You need to stick the pin first into that obtuse border corner so that it is 1/4" from the top edge and 1/4 from the diagonal edge - see that white V I drew there? That's where you measure your 1/4 inches.

Match up that finished point on the mitered piece to the 1/4" finish point on the quilt edge:

Then pin the in-between parts and do the other side the same way.

Can you see in the close-up below that the crossing of the fabric edges does not match up at 1/4 inch below your sewing edge? That's how it should be. Remember: You're matching the seam end point, NOT the fabric end edges. And yes, being lazy about this will affect your Y-seams.

When you sew the seam, you're only sewing between your end pins. Use backstitching to secure your seam, and make sure you don't go past the pins. Press the border away from the quilt.
Go ahead and attach two opposing borders. Doesn't matter if you go side & side or top & bottom.

Can you see how the stitching ends right at this pin below?  You can also see that I've added the other borders. If you've done things right, that second seam end butts up right against the seam beginning for the first side you put on.

When you have all your borders on the quilt, it's time to do the Y-seams that finish your corners. 
The key is to fold that inside section running straight away from your stitching line so that it lets you match up your raw edges smoothly. Below, the fold extends to the right.

Make sure the seam allowances are folded out of your way - in this case, the one on top and the hidden one on the bottom are both folded to the right, away from my stitching area. 
The pin was carefully inserted so that both seam ends come together in one spot. I stab straight down through both points exactly, pinch it securely, then remove the pin so that I can insert it carefully at the slant needed to finish the pinning. If you stab it straight in, then rotate it down to finish the pinning, it will slide your fabrics ever-so-slightly - but that slight bit is enough to mess up your Y-join sometimes.

Even though it's a pain to start sewing at triangle ends, I find it infinitely easier to start on the clean end of the seam (and this time from the very edge), then work my way toward the meeting point, stopping at that pin. I can just see so much better to get that perfect join where all 3 seams meet.

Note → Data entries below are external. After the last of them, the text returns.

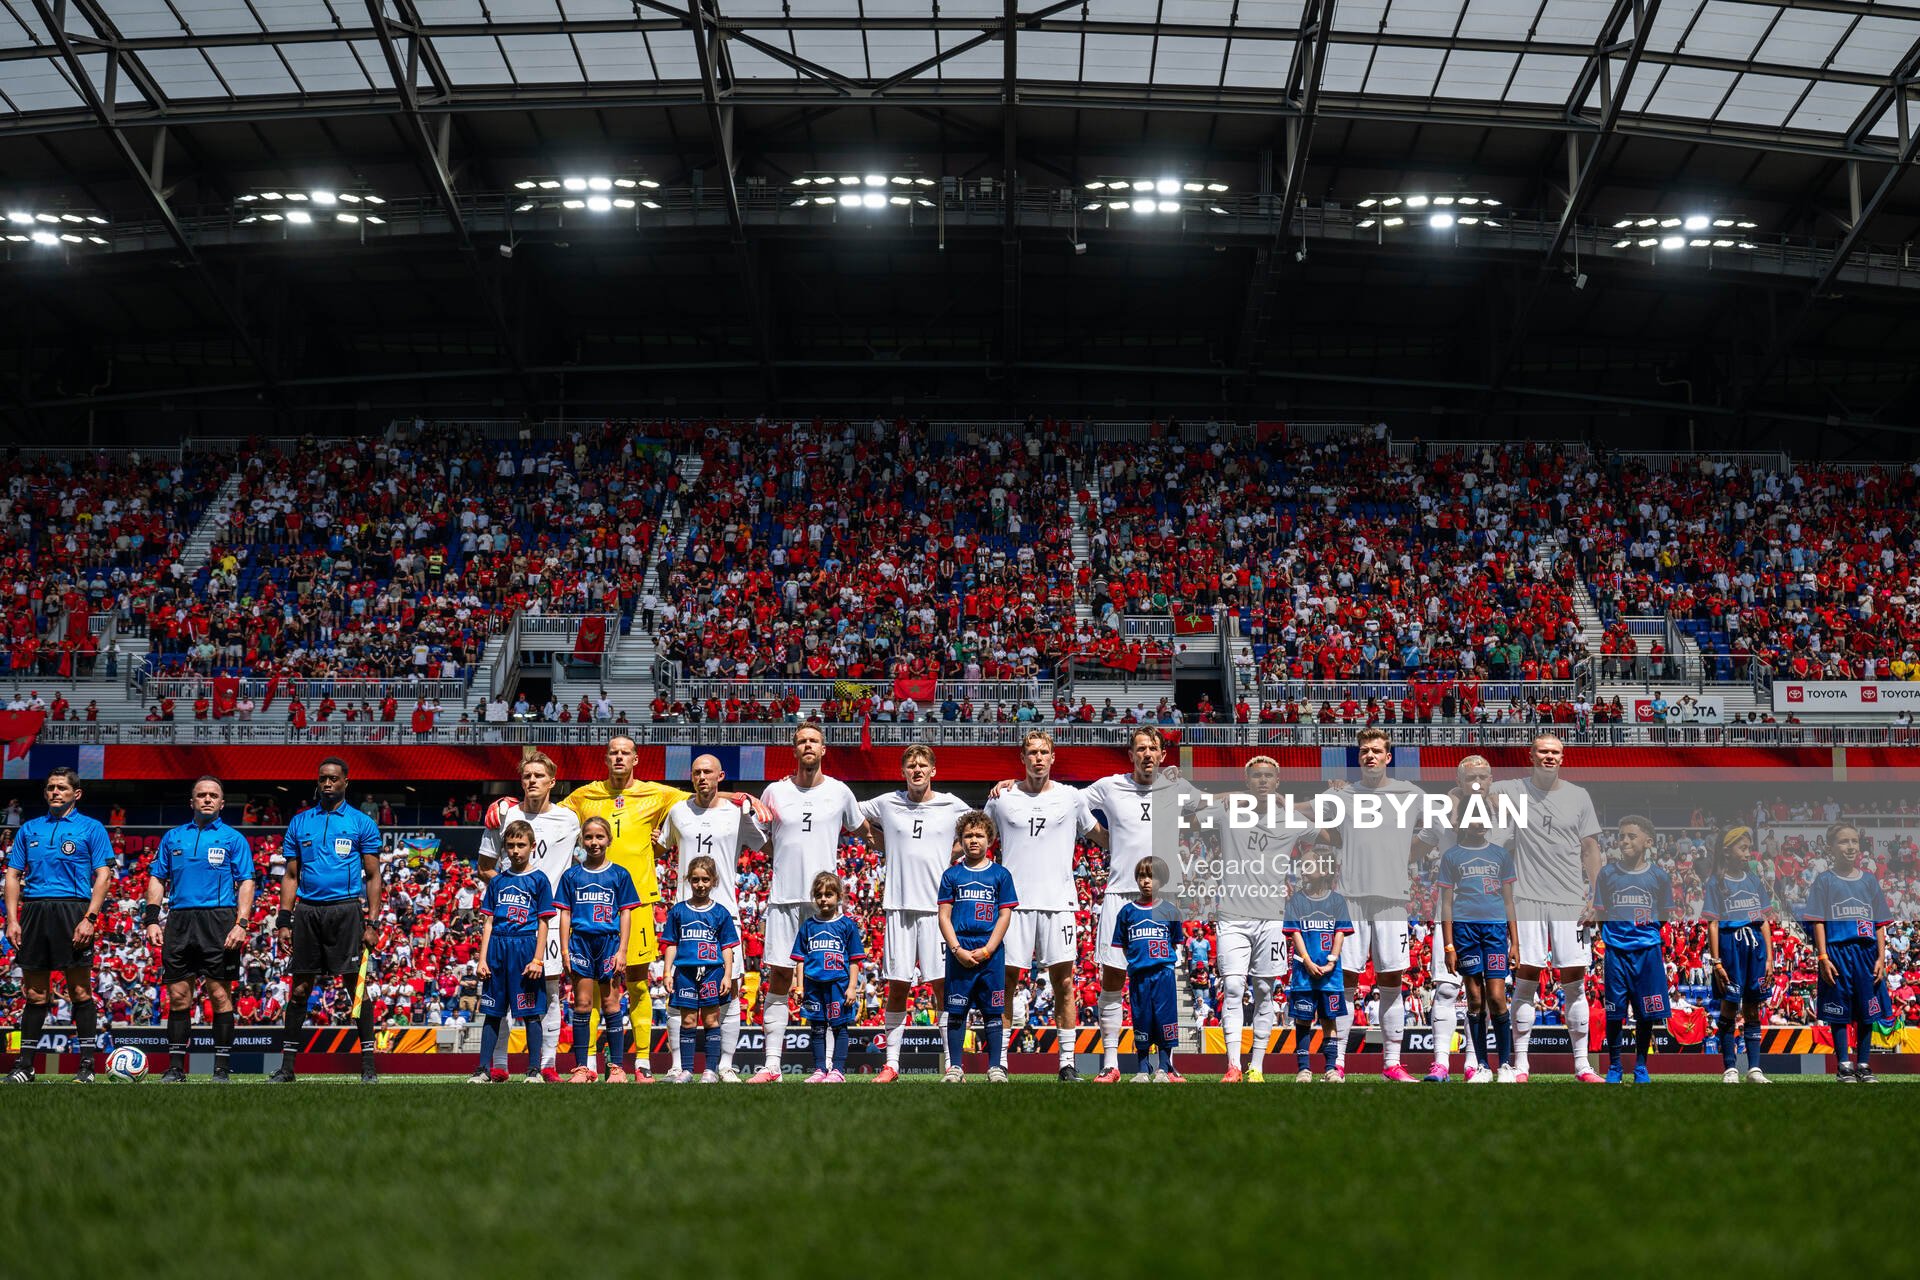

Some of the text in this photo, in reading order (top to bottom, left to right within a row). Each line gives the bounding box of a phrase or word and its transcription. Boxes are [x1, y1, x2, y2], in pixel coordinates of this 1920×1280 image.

[1807, 690, 1847, 699] TOYOTA
[1881, 690, 1920, 699] TOYOTA
[1666, 707, 1717, 717] TOOTA
[1141, 803, 1151, 821] 8
[615, 819, 620, 838] 1
[802, 812, 812, 832] 3
[912, 820, 923, 839] 5
[1028, 817, 1046, 837] 17
[1543, 815, 1552, 835] 9
[696, 833, 713, 854] 14
[1248, 831, 1268, 851] 20
[577, 890, 611, 902] LOWE'S
[959, 889, 993, 900] LOWE'S
[1616, 893, 1650, 906] LOWE'S
[593, 904, 613, 923] 26
[976, 902, 995, 922] 26
[1836, 906, 1869, 917] LOWE'S
[1131, 927, 1165, 938] LOWE'S
[1303, 919, 1335, 930] LOWE'S
[640, 928, 647, 947] 1
[681, 928, 714, 940] LOWE'S
[1062, 926, 1074, 945] 17
[1320, 933, 1335, 951] 2
[1400, 933, 1408, 953] 7
[698, 942, 718, 961] 26
[1149, 941, 1169, 959] 26
[824, 952, 845, 971] 26
[1488, 954, 1506, 971] 26
[700, 981, 718, 999] 26
[1644, 994, 1664, 1013] 26
[233, 1037, 272, 1046] AIRLINES
[785, 1034, 811, 1049] 26

Another thing - that seam's on the bias, so it'll stretch and get messy if you let the quilt's weight hang down and pull on it - especially if it's a big ol' queen or king! So make sure you've got your quilt all up on the table next to the machine bed.

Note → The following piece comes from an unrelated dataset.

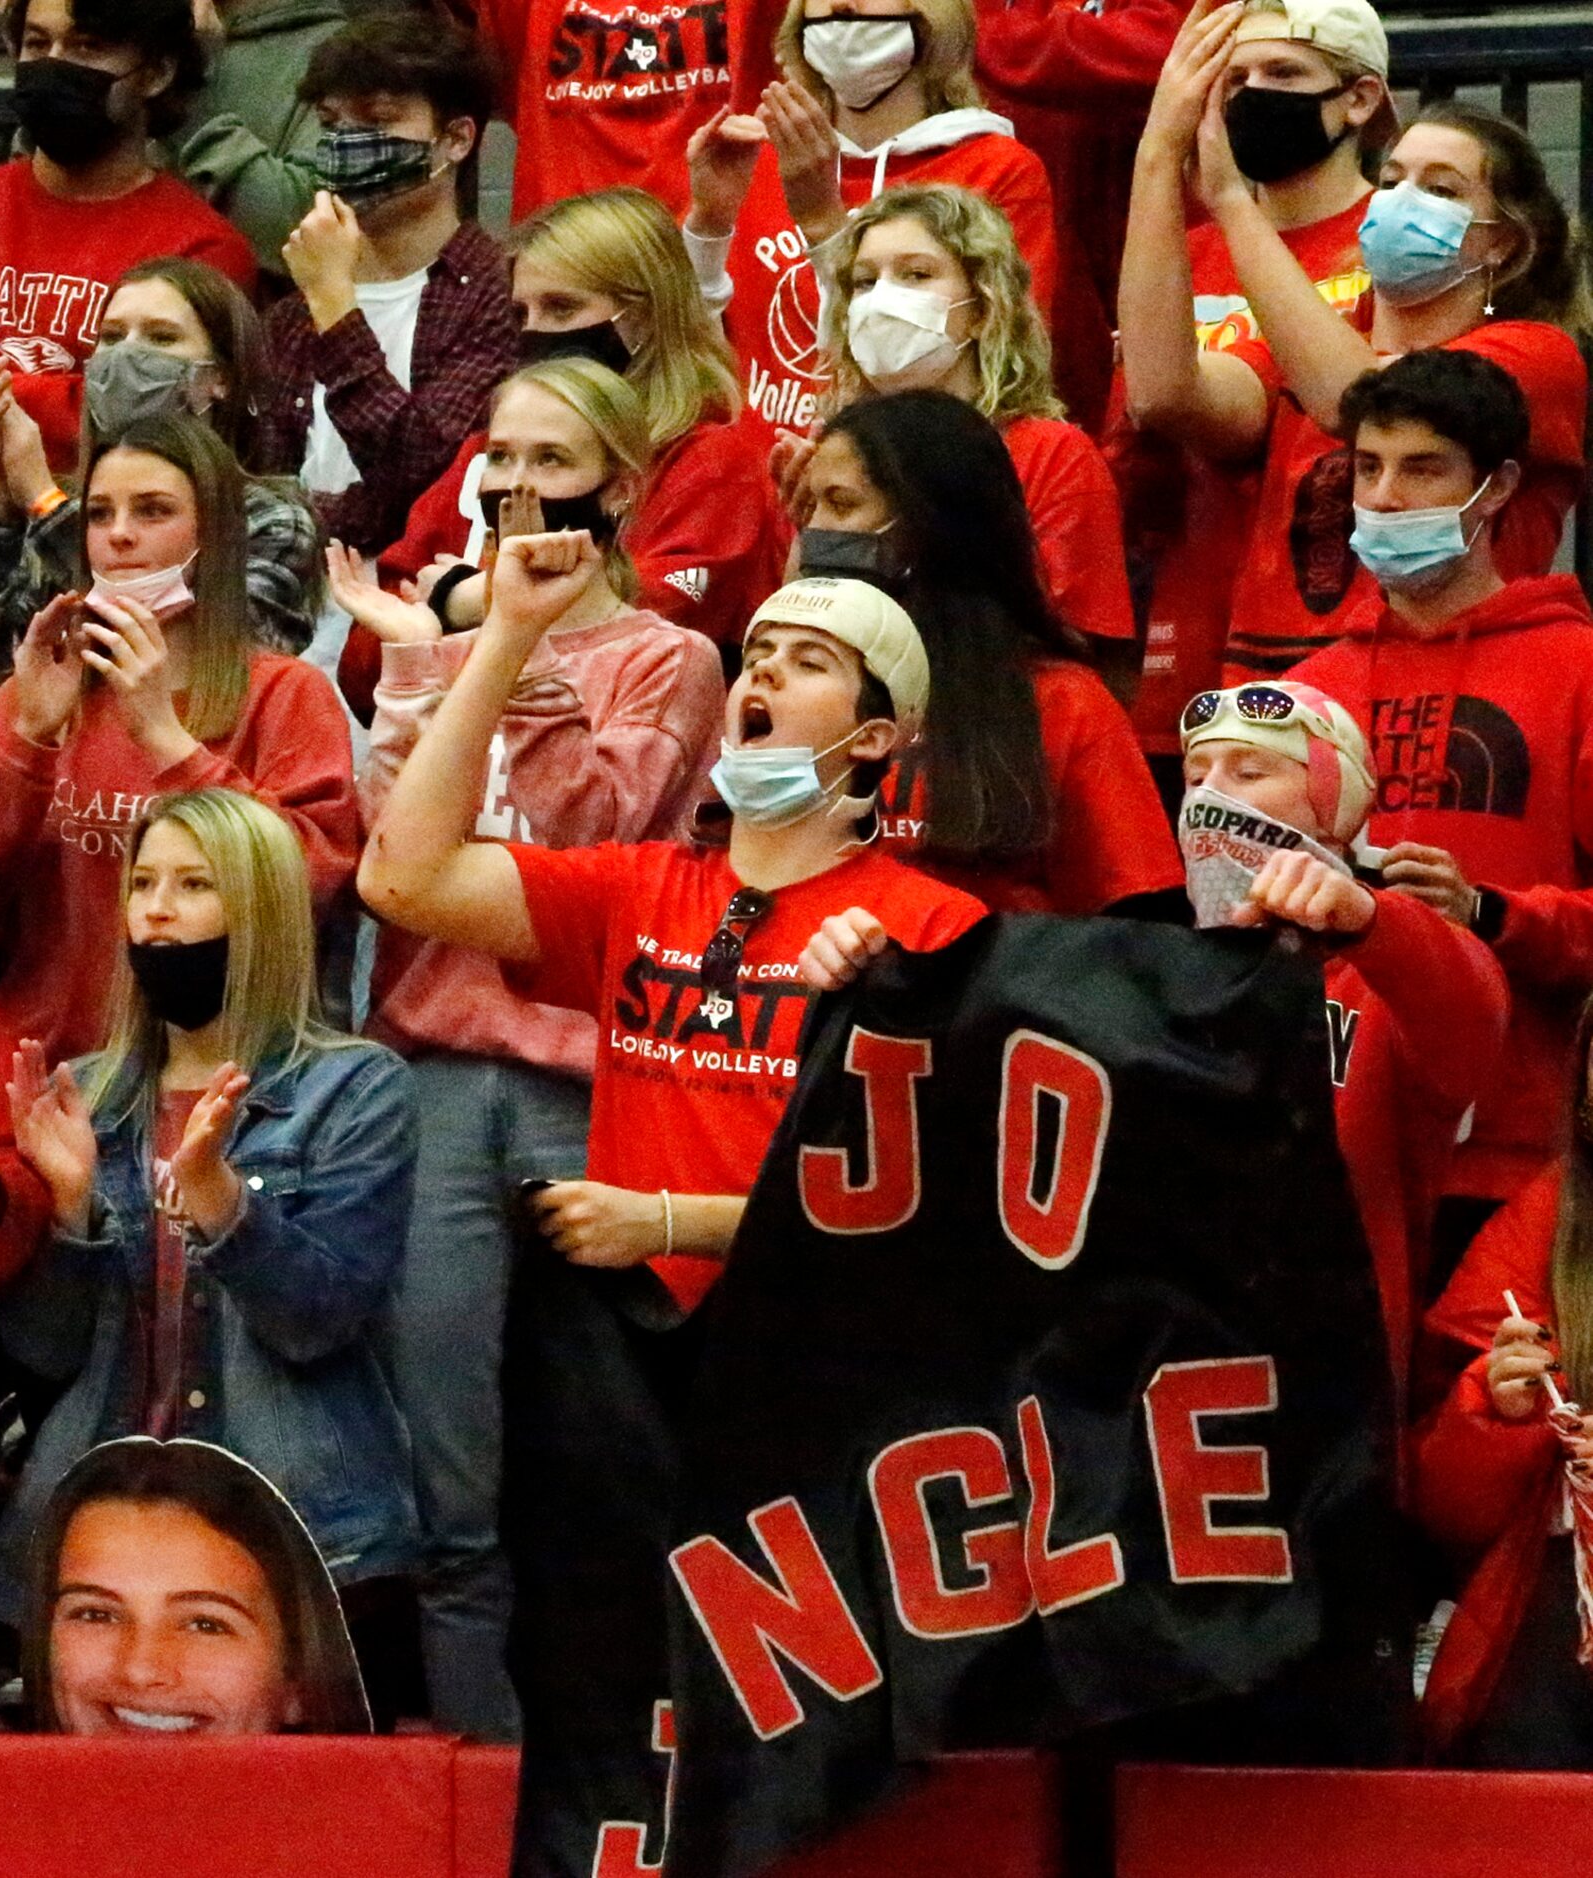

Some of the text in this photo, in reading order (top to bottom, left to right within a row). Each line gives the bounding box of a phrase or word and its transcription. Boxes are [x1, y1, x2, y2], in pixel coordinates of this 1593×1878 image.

[623, 67, 731, 98] VOLLEYBA
[748, 357, 817, 427] Volle
[692, 1049, 798, 1077] VOLLEYB

And Voila! You have a nice mitered border. :)   It's a real pain the first couple of times, but once you get practiced, these mitered borders and Y-seams won't intimidate you at all anymore.


 What have you guys done on BOMs or interval projects lately? Weeklies are welcome along with regular projects that you’ve broken into monthly units, and –of course- true BOMs.   Share your eye candy and show off your progress since the last time you linked up! There are some wonderful monthly and weekly projects going on out there. :D


  1. Great tutorial! I have always wanted to try a mitered border!

  2. Thanks for your tutorial! I'm going to make mitered borders on my next charity quilt to practice. Love the flimsie - congrats.
    Merry Christmas!

  3. I'm glad to see you didn't applique anything into those plain green spaces. I think that's a good eye-resting place, and the perfect spot for a great quilting design. The whole quilt looks great! I do believe I hear a sigh of relief that it's finished, or nearly so, right? Have a blessed Christmas.

  4. Thanks for the tutorial Lynn, I really want to have a go at this soon!

    Have a lovely Christmas and a great New Year.

  5. Thnaks for this tutorial.. I am going to try this soon in one of my quilt. I love this!

  6. Any hopes of finding a copy of the pattern?

  7. Any hopes of finding a copy of the pattern?